Nevertheless, whatever the specific date when the first slaves arrived, Lincoln saw slavery as a malignant cancer upon the nation that was allowed to fester and grow, a cancer the nation excised at the unfathomable cost of approximately 620,00 deaths and 1.5 million casualties. “Because the offense of slavery belongs to the nation,” Schaub writes, “the punishment is meted out to both North and South.”
She is right to highlight the contrast between Lincoln’s attempts at reunion and the national discord that has resulted partly due to the 1619 Project’s teachings. In her view, the 1619 Project is at its core a full-scale “attack on 1776, 1787, and even 1865.” Rather than issuing an invitation for a conversation between fellow citizens, it harangues and cajoles citizens using slanted and false history, weaponizing their sincere morality to secure specific political ends. The 1619 Project undoubtedly strikes at the heart of civic friendship and the very possibility of a unity of the American mind on principles and practices.
Contrary to the 1619 Project’s teaching “that the nation is irredeemably racist,” Schaub argues that “1776 was not a continuation of the spirit of 1619 but its antithesis”; instead, “It was the Confederate constitution of 1861 that enshrined the spirit of 1619.” Rather than sowing division and disunion, “Lincoln’s speeches were directed toward recovery of the nation’s integrity, re-conjoining word and deed, promise and performance.”
He did not blame sociological abstractions such as “white privilege” or other charged terms that are often used to browbeat opponents into submission. Lincoln nationalized the wrong of slavery rather than racializing it.

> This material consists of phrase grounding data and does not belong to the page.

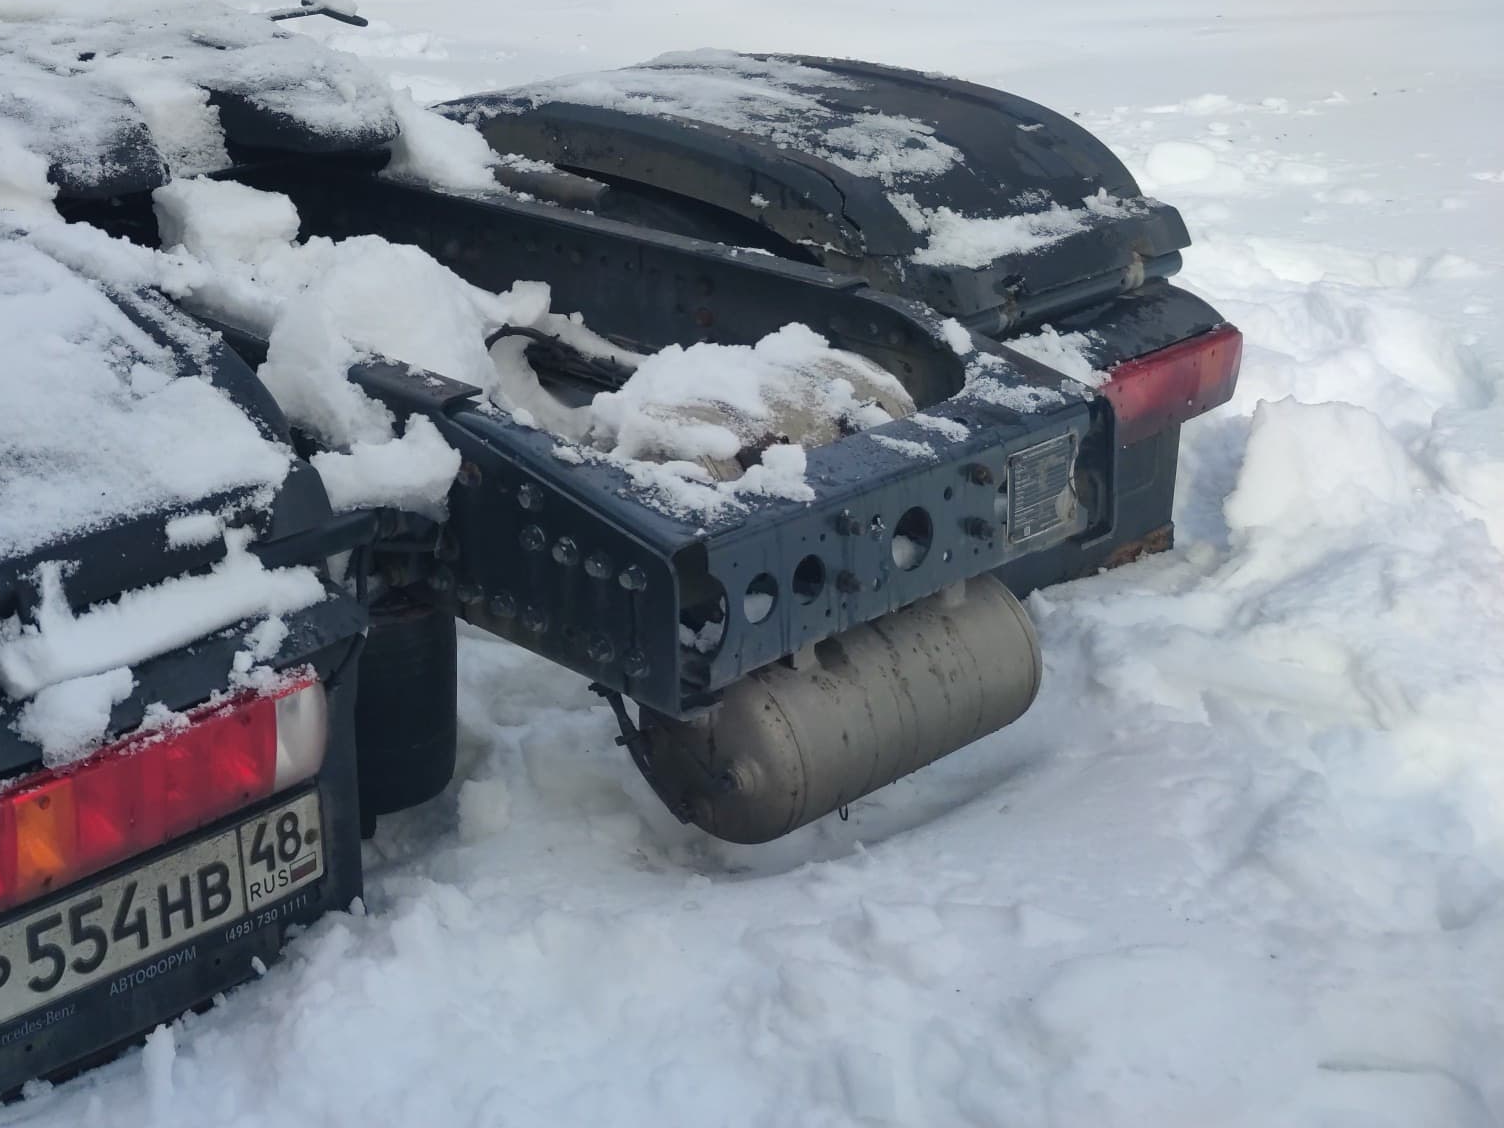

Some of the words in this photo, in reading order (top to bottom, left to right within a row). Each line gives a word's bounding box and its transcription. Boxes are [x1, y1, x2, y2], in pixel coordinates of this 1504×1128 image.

[249, 811, 303, 872] 48
[249, 871, 289, 903] RUS
[224, 918, 255, 944] (495)
[256, 908, 279, 929] 730
[281, 893, 308, 916] 1111
[109, 944, 198, 998] АВТОФОРУМ
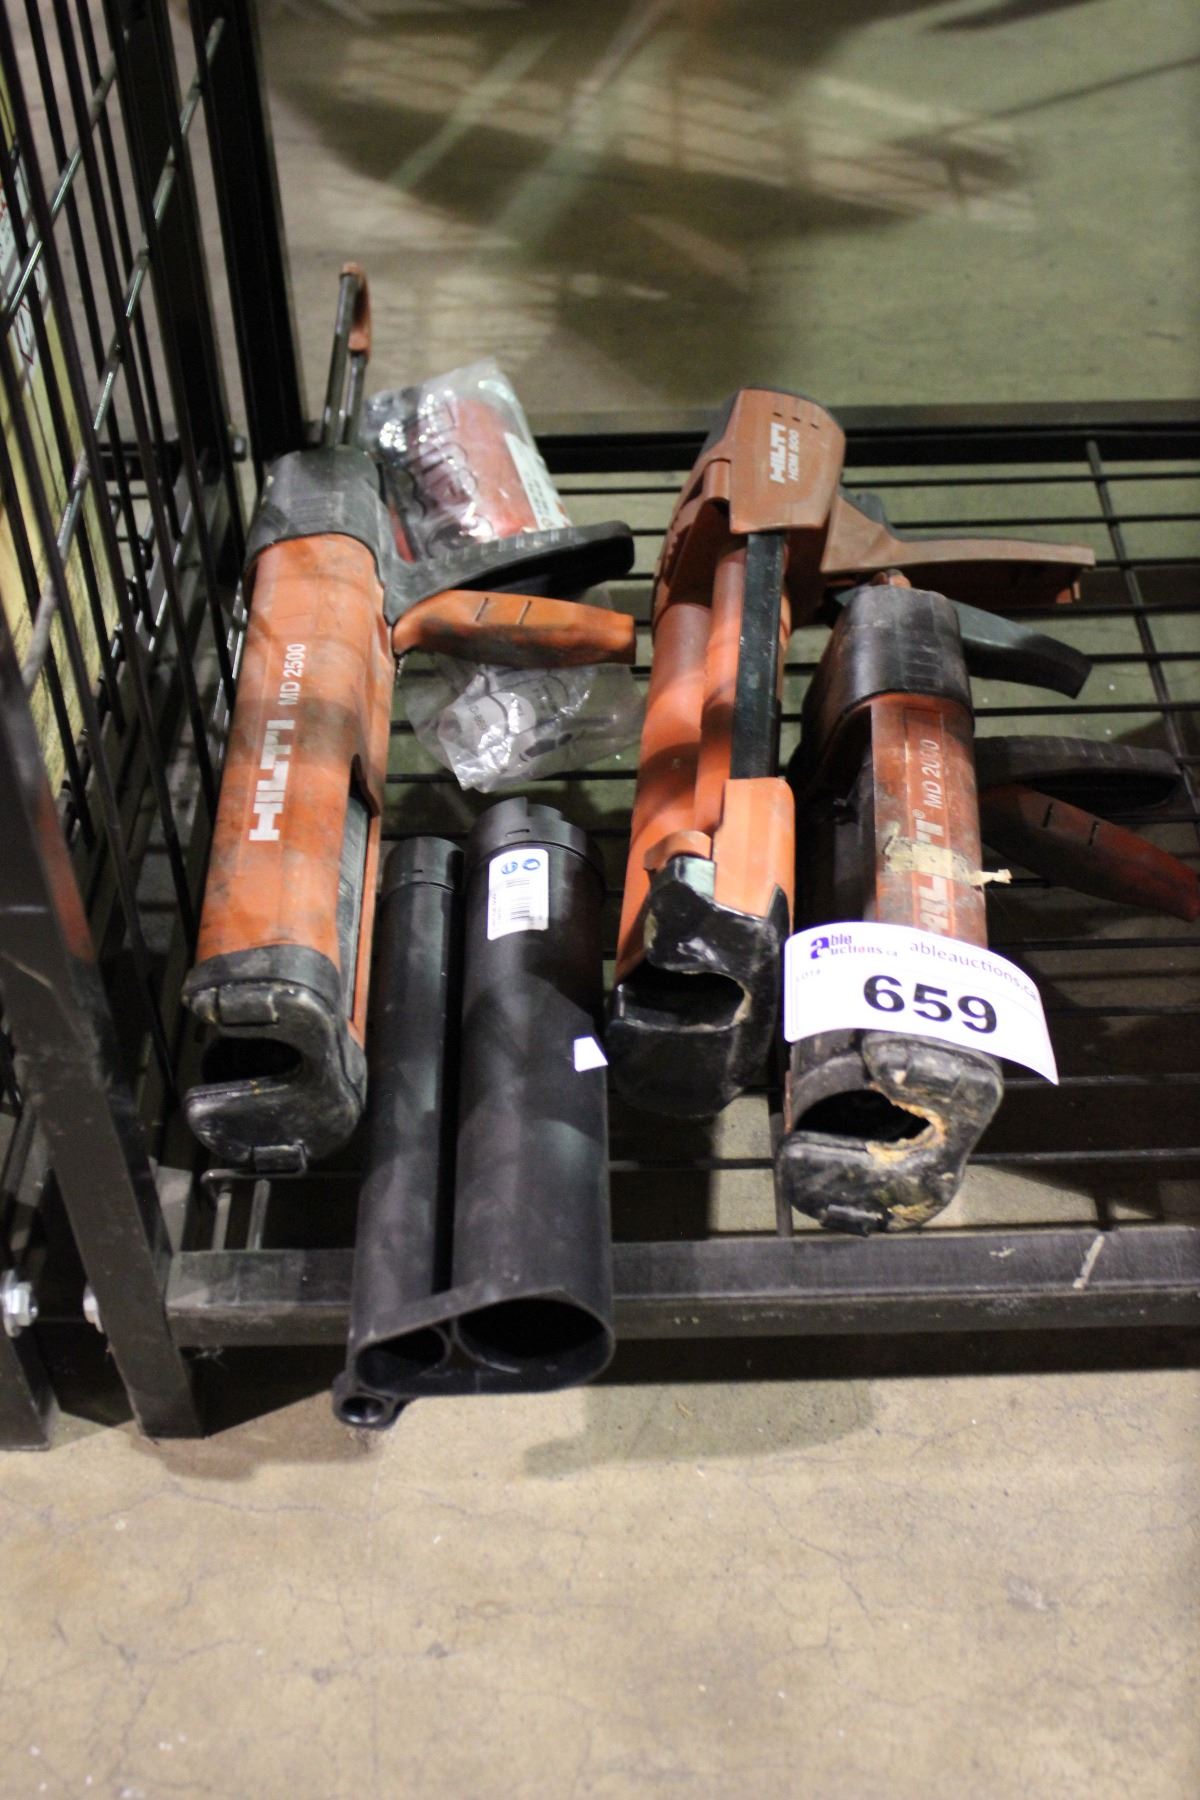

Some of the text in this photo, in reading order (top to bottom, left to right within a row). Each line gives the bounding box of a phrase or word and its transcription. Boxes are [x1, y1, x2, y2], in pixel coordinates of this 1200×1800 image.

[769, 422, 787, 484] HILTI
[249, 643, 307, 841] HILTI MD 2500
[921, 780, 943, 809] MD
[915, 817, 950, 934] HILI
[863, 974, 998, 1034] 659
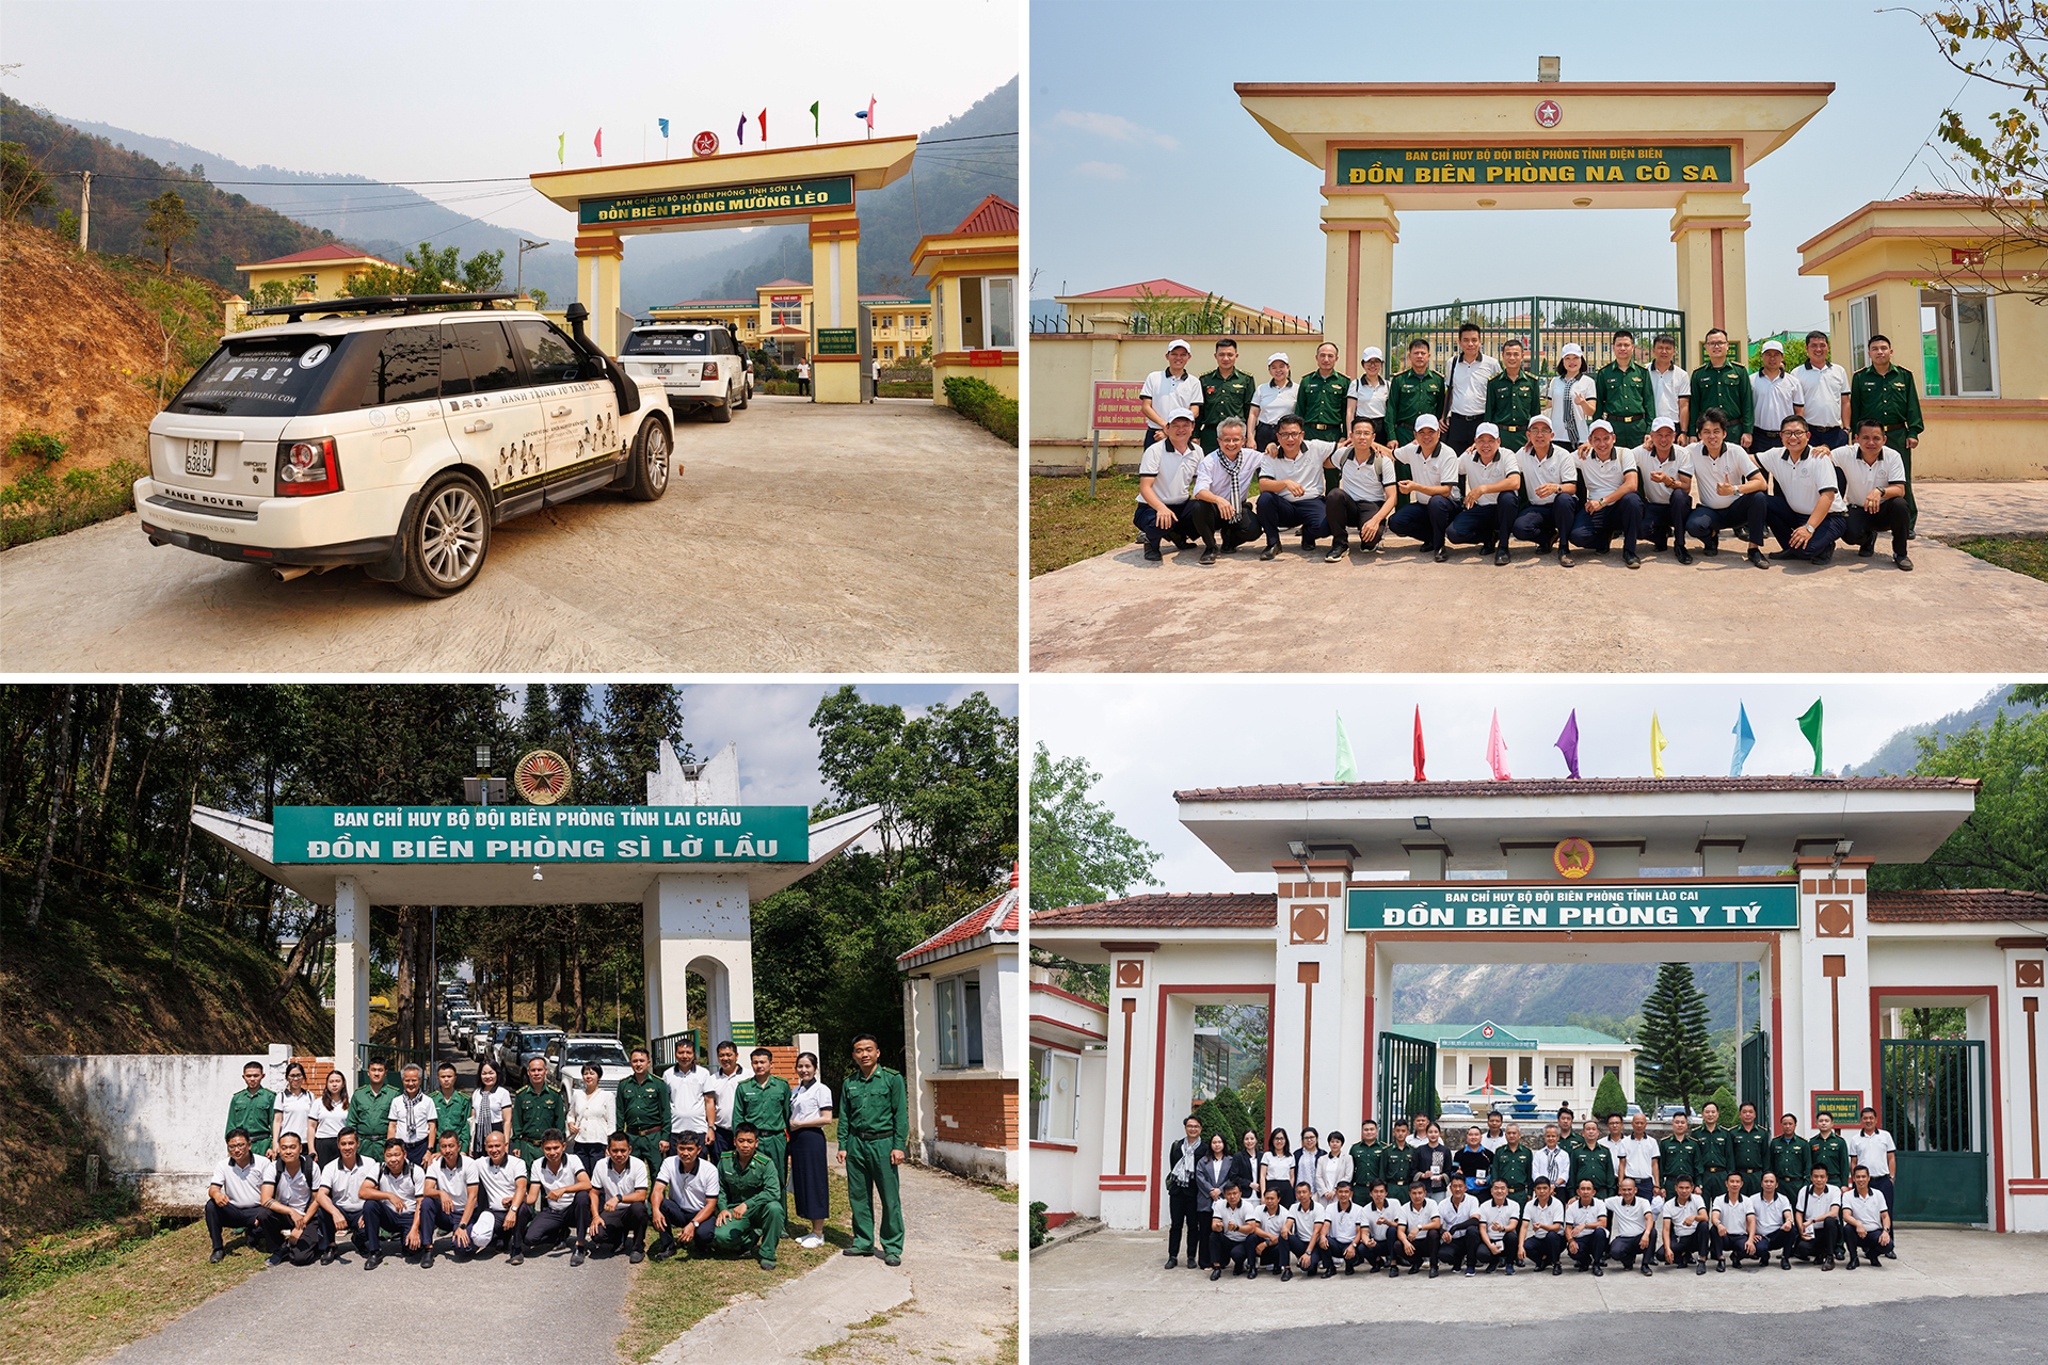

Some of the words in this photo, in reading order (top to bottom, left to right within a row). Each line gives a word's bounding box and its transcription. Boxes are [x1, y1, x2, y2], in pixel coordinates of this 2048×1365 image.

Schaub shows that Lincoln attempted “to blunt the force” of “northern moralistic arrogance, southern regressive resentment, white race hatred, and Black rage” by insisting “on the complicity of both North and South in American Slavery.” He emphasized a “shared national suffering as a consequence of shared national transgression,” calling citizens to adhere to the country’s founding principles, quashing enmity and malice, and restoring civic friendship and peace.
By reading and studying “the compelling quality . . . grammar, logic, and rhetoric” of Lincoln’s speeches, Schaub writes that they “can once again restore the promise of America by reminding us of the promises we have made as democratic citizens.” For the restoration of America to be realized, however, word must be translated into deed; citizens need to take action to restore the blessings of liberty for future generations.
“Mere words,” she notes, “could not bring forth the ‘new birth of freedom’—only battlefield victories could do that.” Logos, in other words, should lead to praxis.
Lincoln’s speeches were aimed at refashioning new props and pillars to support self-government in his time. But what props and pillars are necessary for us today? How can reverence for the law and peace between citizens be secured in an age of increasing lawlessness and bifurcation? And who among us has the ambition necessary to carry out this national recovery?
Once again, we can turn to Lincoln’s wisdom in our quest to find answers to these difficult questions: “The dogmas of the quiet past, are inadequate to the stormy present. The occasion is piled high with difficulty, and we must rise—with the occasion. As our case is new, so we must think anew and act anew. We must disenthrall ourselves, and then we shall save our country.”